Apr. 18th, 2011

The thing started, as such things usually do, in a bar. Really, the percentage of troublesome things that have their beginnings in bars is too high to be ignored; places that sell alcoholic beverages for on-site consumption ought to be made illegal, except for the fact that so many people would then go insane.

Death and Taxes were sitting in a bar enjoying a quiet drink together. They had a sort of a private two-person club thing going, because of all the Supernatural Beings and Societal Forces in the universe, they were the only ones that could boast any degree of certainty. Pestilence? Significantly likely, particularly in certain squalid and ignorant corners of the globe, but increasingly uncertain owing to the advance of modern medicine. Avarice? Also a high probability eventuality, but with the rise of altruism in the richest one percent of humanity, not a certitude. Authoritarianism? Global Warming? Teen Sex? All these things have been, and will continue to be, strong bets. But Taxes and Death were certain, absolute locks, as agreed to by common sense and adage, and that made them special. It was only natural that special people would be drinking buddies.

Death raised his glass – a tumbler full of something dark and swirly, that had been chilled to a few degrees above freezing – and proposed a toast. "To us," he said somberly, "the only certain things in the whole wide world."

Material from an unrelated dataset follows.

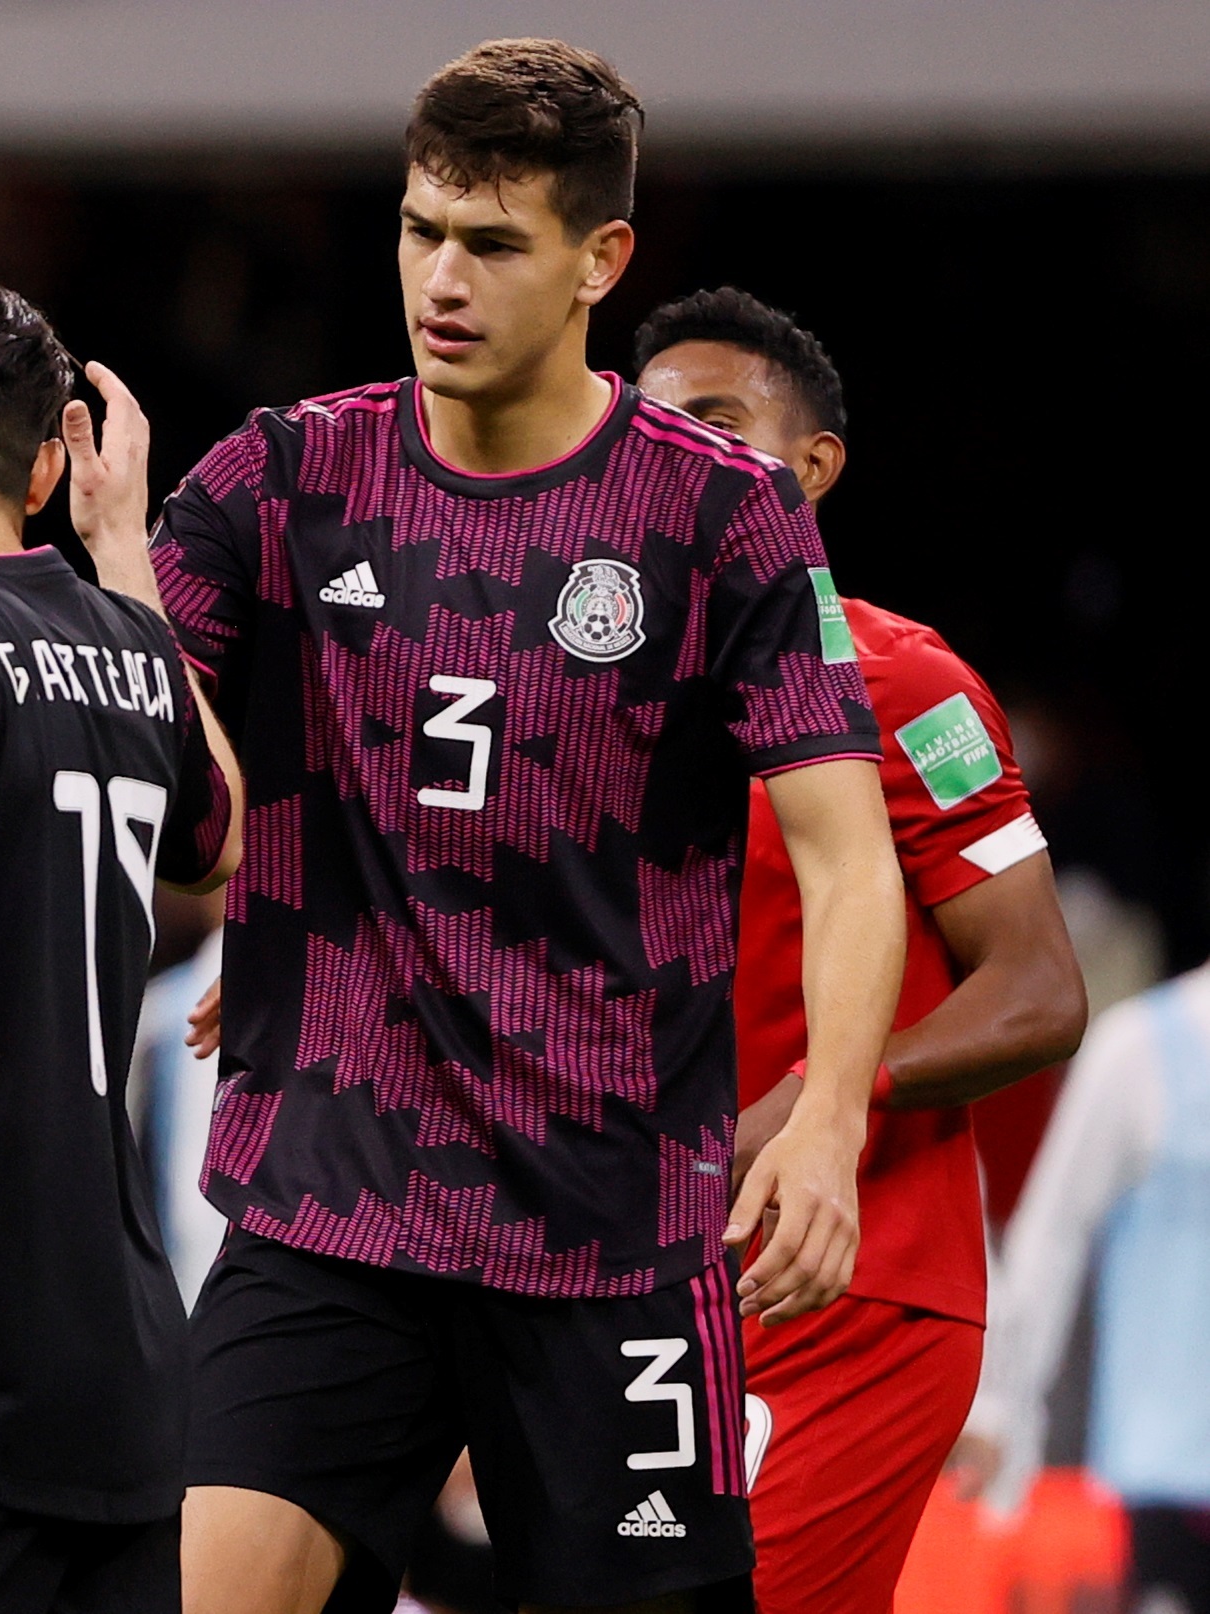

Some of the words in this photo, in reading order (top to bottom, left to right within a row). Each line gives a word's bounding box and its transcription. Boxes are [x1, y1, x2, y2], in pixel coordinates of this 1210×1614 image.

"I'll drink to that," agreed Taxes readily, clinking Death's drink with her own – A highball glass full of fruity liquid swimming around perfectly stacked ice cubes, and garnished with a toothpick spearing three gold balls. "We're the only things the cosmos can truly rely upon."

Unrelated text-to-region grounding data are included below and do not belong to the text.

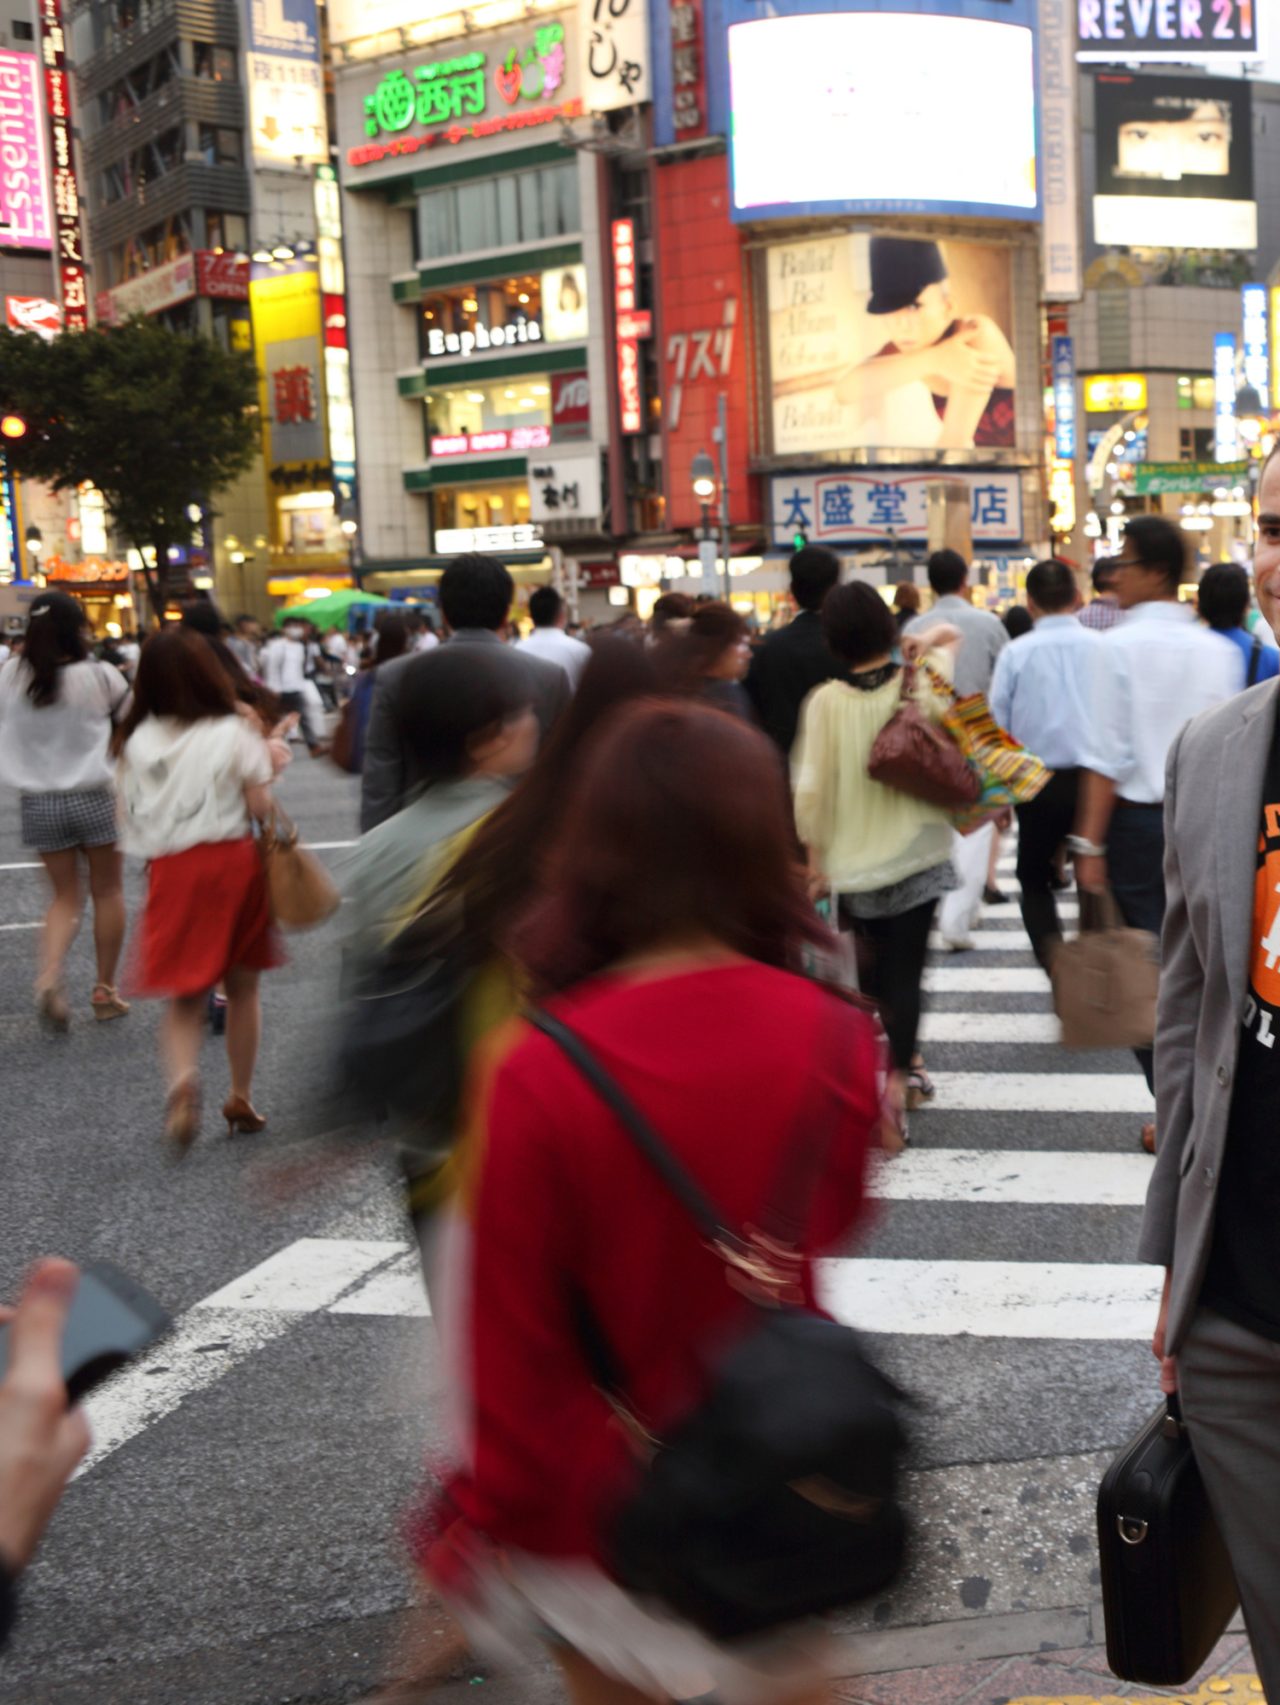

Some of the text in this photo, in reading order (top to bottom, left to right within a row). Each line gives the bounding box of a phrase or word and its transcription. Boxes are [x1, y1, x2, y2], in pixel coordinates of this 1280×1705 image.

[1078, 0, 1253, 40] REVER 21
[428, 315, 541, 357] Euphoria
[666, 297, 738, 432] クスリ
[555, 378, 590, 414] JTB
[783, 483, 1008, 528] 大盛堂店

"Oh, no doubt," interrupted a stranger, who rather rudely pulled himself up a chair at the table. "I, for one, am glad to know you guys can be counted on like clockwork." The stranger wore a hood that concealed his features, a fashion styling that Death found rather passé.

"But, you know," cut in another stranger, sliding into another seat at the table, "I confess I've always wondered something." This was a woman with a long, flowing silk scarf masking her face. Taxes thought it was a rather overwrought accent, but was too polite to say so.

"What I want to know," continued the female interloper breathlessly, "is of the two of you – Death, Taxes – which one is the more certain?"

"Oh, my!" cooed a third stranger – another woman, this one wearing a full burkha, which was a somewhat exotic wardrobe choice at a bar. "This sounds like it has the makings of a competition!"